Records provided START

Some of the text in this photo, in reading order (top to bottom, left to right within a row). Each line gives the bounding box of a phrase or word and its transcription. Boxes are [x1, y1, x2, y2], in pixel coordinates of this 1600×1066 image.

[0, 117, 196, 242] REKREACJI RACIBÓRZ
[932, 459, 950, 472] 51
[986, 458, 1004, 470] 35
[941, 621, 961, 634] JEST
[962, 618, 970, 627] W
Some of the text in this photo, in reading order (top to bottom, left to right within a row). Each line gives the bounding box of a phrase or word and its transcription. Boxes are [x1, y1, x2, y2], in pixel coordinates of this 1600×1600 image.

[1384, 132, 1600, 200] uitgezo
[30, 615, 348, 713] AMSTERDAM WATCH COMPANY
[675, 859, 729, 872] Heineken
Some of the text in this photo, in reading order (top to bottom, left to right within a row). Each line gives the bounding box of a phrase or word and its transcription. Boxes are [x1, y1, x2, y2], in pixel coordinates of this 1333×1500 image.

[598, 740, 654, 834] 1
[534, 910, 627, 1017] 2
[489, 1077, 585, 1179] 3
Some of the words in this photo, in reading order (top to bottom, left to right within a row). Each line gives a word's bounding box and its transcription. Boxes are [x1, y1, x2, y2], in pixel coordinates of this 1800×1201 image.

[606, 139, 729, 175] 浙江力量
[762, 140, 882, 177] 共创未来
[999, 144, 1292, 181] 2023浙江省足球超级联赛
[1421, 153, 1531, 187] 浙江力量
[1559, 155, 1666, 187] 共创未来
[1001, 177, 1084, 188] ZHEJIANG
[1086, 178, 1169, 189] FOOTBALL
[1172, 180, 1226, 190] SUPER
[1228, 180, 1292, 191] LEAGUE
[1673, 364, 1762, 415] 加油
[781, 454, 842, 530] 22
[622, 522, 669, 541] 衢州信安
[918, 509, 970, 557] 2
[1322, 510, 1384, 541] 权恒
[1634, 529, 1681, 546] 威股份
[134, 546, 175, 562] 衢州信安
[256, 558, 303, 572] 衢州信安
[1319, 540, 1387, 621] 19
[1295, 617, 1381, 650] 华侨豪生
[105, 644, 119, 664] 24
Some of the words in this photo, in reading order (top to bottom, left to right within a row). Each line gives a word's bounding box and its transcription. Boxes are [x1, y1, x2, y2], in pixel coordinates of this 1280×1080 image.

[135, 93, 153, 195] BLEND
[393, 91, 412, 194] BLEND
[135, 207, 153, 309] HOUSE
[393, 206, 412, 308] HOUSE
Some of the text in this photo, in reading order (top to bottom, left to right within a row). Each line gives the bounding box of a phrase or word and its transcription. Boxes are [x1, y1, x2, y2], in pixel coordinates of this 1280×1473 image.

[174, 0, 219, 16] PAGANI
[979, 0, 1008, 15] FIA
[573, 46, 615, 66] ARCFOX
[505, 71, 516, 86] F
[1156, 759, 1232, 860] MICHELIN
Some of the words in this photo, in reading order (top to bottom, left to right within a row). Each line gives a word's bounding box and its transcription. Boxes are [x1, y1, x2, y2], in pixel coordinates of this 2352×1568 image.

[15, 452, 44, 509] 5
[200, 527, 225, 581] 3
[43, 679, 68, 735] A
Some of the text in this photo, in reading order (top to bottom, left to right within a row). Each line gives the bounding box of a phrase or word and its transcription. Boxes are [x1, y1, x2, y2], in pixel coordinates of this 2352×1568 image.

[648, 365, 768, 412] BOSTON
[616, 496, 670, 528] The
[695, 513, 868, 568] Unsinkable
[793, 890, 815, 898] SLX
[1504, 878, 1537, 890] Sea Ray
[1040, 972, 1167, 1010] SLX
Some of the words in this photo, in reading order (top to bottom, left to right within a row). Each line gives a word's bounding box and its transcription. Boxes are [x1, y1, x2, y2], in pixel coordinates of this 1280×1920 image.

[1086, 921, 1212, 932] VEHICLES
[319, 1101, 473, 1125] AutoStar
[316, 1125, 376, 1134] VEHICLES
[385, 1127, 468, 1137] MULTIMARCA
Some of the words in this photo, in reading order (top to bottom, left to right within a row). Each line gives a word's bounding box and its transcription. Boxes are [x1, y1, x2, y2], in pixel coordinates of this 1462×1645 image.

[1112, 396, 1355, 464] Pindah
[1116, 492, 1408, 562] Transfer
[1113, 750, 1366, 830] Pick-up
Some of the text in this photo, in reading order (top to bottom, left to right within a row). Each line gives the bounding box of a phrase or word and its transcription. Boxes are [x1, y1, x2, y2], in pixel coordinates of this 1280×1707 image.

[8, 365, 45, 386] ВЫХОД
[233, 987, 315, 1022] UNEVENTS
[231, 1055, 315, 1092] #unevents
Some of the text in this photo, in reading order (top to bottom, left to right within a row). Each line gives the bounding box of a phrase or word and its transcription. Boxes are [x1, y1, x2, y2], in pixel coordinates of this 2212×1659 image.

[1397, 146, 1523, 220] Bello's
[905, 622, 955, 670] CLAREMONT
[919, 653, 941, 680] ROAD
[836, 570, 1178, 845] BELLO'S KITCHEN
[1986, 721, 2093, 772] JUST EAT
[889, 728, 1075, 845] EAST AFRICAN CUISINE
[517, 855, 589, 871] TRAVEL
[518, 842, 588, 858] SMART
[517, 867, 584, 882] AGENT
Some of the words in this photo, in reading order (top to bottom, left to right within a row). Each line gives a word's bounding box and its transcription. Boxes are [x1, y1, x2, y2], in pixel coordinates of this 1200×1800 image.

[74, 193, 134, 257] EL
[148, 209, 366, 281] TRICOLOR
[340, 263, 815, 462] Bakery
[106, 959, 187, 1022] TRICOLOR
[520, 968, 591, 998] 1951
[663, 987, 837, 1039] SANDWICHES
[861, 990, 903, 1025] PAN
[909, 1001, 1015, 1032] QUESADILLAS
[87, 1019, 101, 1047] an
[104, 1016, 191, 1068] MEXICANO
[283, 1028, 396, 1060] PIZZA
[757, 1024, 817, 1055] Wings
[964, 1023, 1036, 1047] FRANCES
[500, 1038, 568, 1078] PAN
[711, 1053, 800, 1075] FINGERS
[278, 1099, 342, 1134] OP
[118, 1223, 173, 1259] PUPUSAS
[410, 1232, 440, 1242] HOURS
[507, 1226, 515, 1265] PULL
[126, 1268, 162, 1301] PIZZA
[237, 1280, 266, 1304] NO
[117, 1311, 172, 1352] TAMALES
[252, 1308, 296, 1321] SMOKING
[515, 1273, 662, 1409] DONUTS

Records provided END

*Work request*. Reproduce the records above exactly.

*Output of the task*.
Some of the text in this photo, in reading order (top to bottom, left to right within a row). Each line gives the bounding box of a phrase or word and its transcription. Boxes are [x1, y1, x2, y2], in pixel coordinates of this 1600×1066 image.

[0, 117, 196, 242] REKREACJI RACIBÓRZ
[932, 459, 950, 472] 51
[986, 458, 1004, 470] 35
[941, 621, 961, 634] JEST
[962, 618, 970, 627] W
Some of the text in this photo, in reading order (top to bottom, left to right within a row). Each line gives the bounding box of a phrase or word and its transcription. Boxes are [x1, y1, x2, y2], in pixel coordinates of this 1600×1600 image.

[1384, 132, 1600, 200] uitgezo
[30, 615, 348, 713] AMSTERDAM WATCH COMPANY
[675, 859, 729, 872] Heineken
Some of the text in this photo, in reading order (top to bottom, left to right within a row). Each line gives the bounding box of a phrase or word and its transcription. Boxes are [x1, y1, x2, y2], in pixel coordinates of this 1333×1500 image.

[598, 740, 654, 834] 1
[534, 910, 627, 1017] 2
[489, 1077, 585, 1179] 3
Some of the words in this photo, in reading order (top to bottom, left to right within a row). Each line gives a word's bounding box and its transcription. Boxes are [x1, y1, x2, y2], in pixel coordinates of this 1800×1201 image.

[606, 139, 729, 175] 浙江力量
[762, 140, 882, 177] 共创未来
[999, 144, 1292, 181] 2023浙江省足球超级联赛
[1421, 153, 1531, 187] 浙江力量
[1559, 155, 1666, 187] 共创未来
[1001, 177, 1084, 188] ZHEJIANG
[1086, 178, 1169, 189] FOOTBALL
[1172, 180, 1226, 190] SUPER
[1228, 180, 1292, 191] LEAGUE
[1673, 364, 1762, 415] 加油
[781, 454, 842, 530] 22
[622, 522, 669, 541] 衢州信安
[918, 509, 970, 557] 2
[1322, 510, 1384, 541] 权恒
[1634, 529, 1681, 546] 威股份
[134, 546, 175, 562] 衢州信安
[256, 558, 303, 572] 衢州信安
[1319, 540, 1387, 621] 19
[1295, 617, 1381, 650] 华侨豪生
[105, 644, 119, 664] 24
Some of the words in this photo, in reading order (top to bottom, left to right within a row). Each line gives a word's bounding box and its transcription. Boxes are [x1, y1, x2, y2], in pixel coordinates of this 1280×1080 image.

[135, 93, 153, 195] BLEND
[393, 91, 412, 194] BLEND
[135, 207, 153, 309] HOUSE
[393, 206, 412, 308] HOUSE
Some of the text in this photo, in reading order (top to bottom, left to right within a row). Each line gives the bounding box of a phrase or word and its transcription. Boxes are [x1, y1, x2, y2], in pixel coordinates of this 1280×1473 image.

[174, 0, 219, 16] PAGANI
[979, 0, 1008, 15] FIA
[573, 46, 615, 66] ARCFOX
[505, 71, 516, 86] F
[1156, 759, 1232, 860] MICHELIN
Some of the words in this photo, in reading order (top to bottom, left to right within a row). Each line gives a word's bounding box and its transcription. Boxes are [x1, y1, x2, y2], in pixel coordinates of this 2352×1568 image.

[15, 452, 44, 509] 5
[200, 527, 225, 581] 3
[43, 679, 68, 735] A
Some of the text in this photo, in reading order (top to bottom, left to right within a row). Each line gives the bounding box of a phrase or word and its transcription. Boxes are [x1, y1, x2, y2], in pixel coordinates of this 2352×1568 image.

[648, 365, 768, 412] BOSTON
[616, 496, 670, 528] The
[695, 513, 868, 568] Unsinkable
[793, 890, 815, 898] SLX
[1504, 878, 1537, 890] Sea Ray
[1040, 972, 1167, 1010] SLX
Some of the words in this photo, in reading order (top to bottom, left to right within a row). Each line gives a word's bounding box and its transcription. Boxes are [x1, y1, x2, y2], in pixel coordinates of this 1280×1920 image.

[1086, 921, 1212, 932] VEHICLES
[319, 1101, 473, 1125] AutoStar
[316, 1125, 376, 1134] VEHICLES
[385, 1127, 468, 1137] MULTIMARCA
Some of the words in this photo, in reading order (top to bottom, left to right within a row). Each line gives a word's bounding box and its transcription. Boxes are [x1, y1, x2, y2], in pixel coordinates of this 1462×1645 image.

[1112, 396, 1355, 464] Pindah
[1116, 492, 1408, 562] Transfer
[1113, 750, 1366, 830] Pick-up
Some of the text in this photo, in reading order (top to bottom, left to right within a row). Each line gives the bounding box of a phrase or word and its transcription. Boxes are [x1, y1, x2, y2], in pixel coordinates of this 1280×1707 image.

[8, 365, 45, 386] ВЫХОД
[233, 987, 315, 1022] UNEVENTS
[231, 1055, 315, 1092] #unevents
Some of the text in this photo, in reading order (top to bottom, left to right within a row). Each line gives the bounding box of a phrase or word and its transcription. Boxes are [x1, y1, x2, y2], in pixel coordinates of this 2212×1659 image.

[1397, 146, 1523, 220] Bello's
[905, 622, 955, 670] CLAREMONT
[919, 653, 941, 680] ROAD
[836, 570, 1178, 845] BELLO'S KITCHEN
[1986, 721, 2093, 772] JUST EAT
[889, 728, 1075, 845] EAST AFRICAN CUISINE
[517, 855, 589, 871] TRAVEL
[518, 842, 588, 858] SMART
[517, 867, 584, 882] AGENT
Some of the words in this photo, in reading order (top to bottom, left to right within a row). Each line gives a word's bounding box and its transcription. Boxes are [x1, y1, x2, y2], in pixel coordinates of this 1200×1800 image.

[74, 193, 134, 257] EL
[148, 209, 366, 281] TRICOLOR
[340, 263, 815, 462] Bakery
[106, 959, 187, 1022] TRICOLOR
[520, 968, 591, 998] 1951
[663, 987, 837, 1039] SANDWICHES
[861, 990, 903, 1025] PAN
[909, 1001, 1015, 1032] QUESADILLAS
[87, 1019, 101, 1047] an
[104, 1016, 191, 1068] MEXICANO
[283, 1028, 396, 1060] PIZZA
[757, 1024, 817, 1055] Wings
[964, 1023, 1036, 1047] FRANCES
[500, 1038, 568, 1078] PAN
[711, 1053, 800, 1075] FINGERS
[278, 1099, 342, 1134] OP
[118, 1223, 173, 1259] PUPUSAS
[410, 1232, 440, 1242] HOURS
[507, 1226, 515, 1265] PULL
[126, 1268, 162, 1301] PIZZA
[237, 1280, 266, 1304] NO
[117, 1311, 172, 1352] TAMALES
[252, 1308, 296, 1321] SMOKING
[515, 1273, 662, 1409] DONUTS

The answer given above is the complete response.